The effects of short-term uniaxial strain on the mechanical properties of mesenchymal stem cells upon TGF-β1 stimulation

Cellular mechanical characteristics represent cell ability to produce tissue-specific metabolites. Therefore, to achieve effective cell therapy, a better understanding of the effects of chemo-mechanical stimuli on the mechanical properties of in vitro-treated cells is essential. Herein, we investigated the effects of uniaxial strain on the mechanical properties of mesenchymal stem cells (MSCs) upon transforming growth factor beta 1 (TGF-beta(1)) stimulation. The MSCs were categorized into control and test groups. In one test group, the MSCs were treated by TGF-beta(1) for 6 d, and in the other, they were additionally subjected to 1-d uniaxial strain on day 2. The cell mechanical properties and smooth muscle (SM) gene expression were assessed on days 2, 4, and 6. During the entire experiment, the MSCs treated by TGF-beta(1) +/- uniaxial strain were induced to differentiate into SM-like cells by significantly upregulation of alpha-actin, SM22 alpha, and hl-calponin in respect to the control samples.
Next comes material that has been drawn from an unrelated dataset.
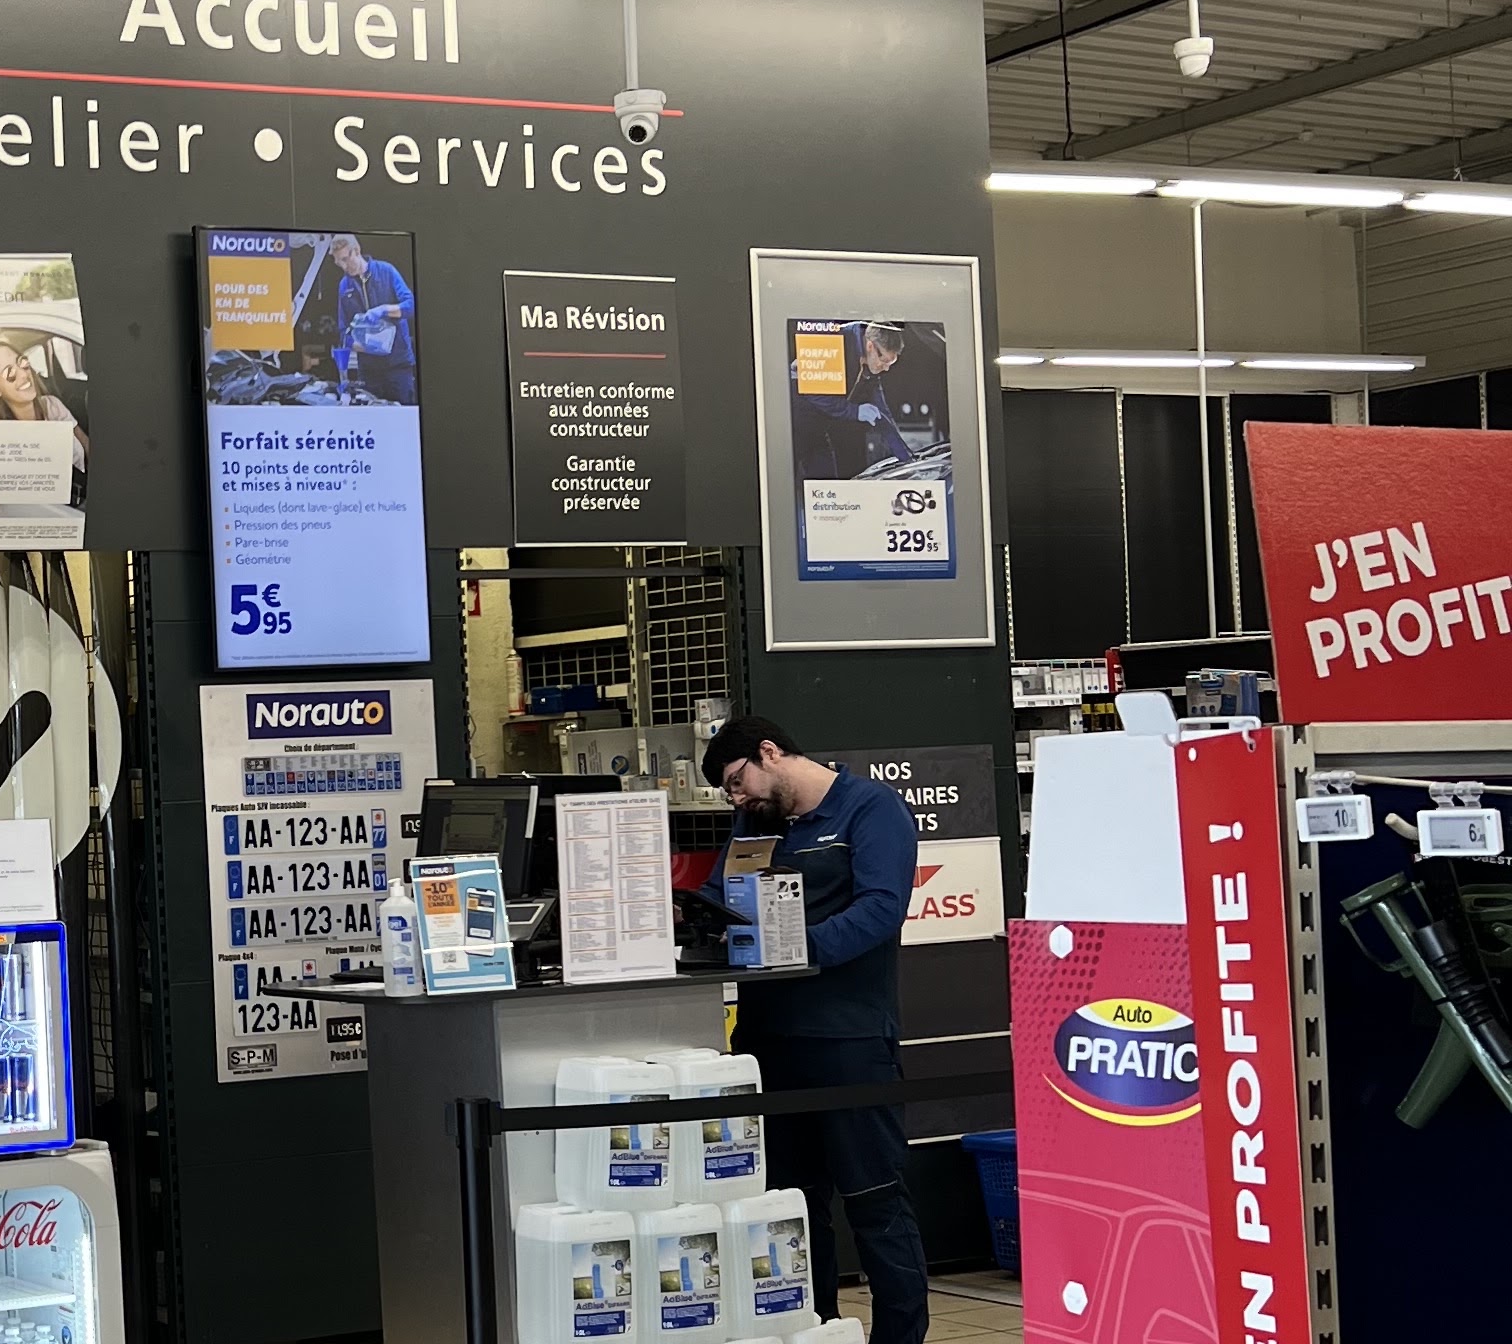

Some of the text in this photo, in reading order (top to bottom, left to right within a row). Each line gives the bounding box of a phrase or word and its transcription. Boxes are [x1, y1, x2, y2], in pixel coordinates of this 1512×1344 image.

When the MSCs were treated with IGF-beta(1) alone, their stiffness and viscosity decreased significantly on day 2 and then increased by increase in culture time. When the cells were subjected to 1-d uniaxial strain upon TGF-beta(1) stimulation, their stiffness and viscosity significantly increased on days 2 and 4 and then decreased on day 6 to a level comparable to that of TGF-beta(1) group. Different paths were noticeable among the treated samples to reach nearly similar states on day 6. It seems that uniaxial strain activates mechanobiological cascades by which cellular mechanical behavior can be regulated after its removal. However, these effects are transient and would diminish over time. The findings may be helpful in the chemo-mechanical regulation of MSCs.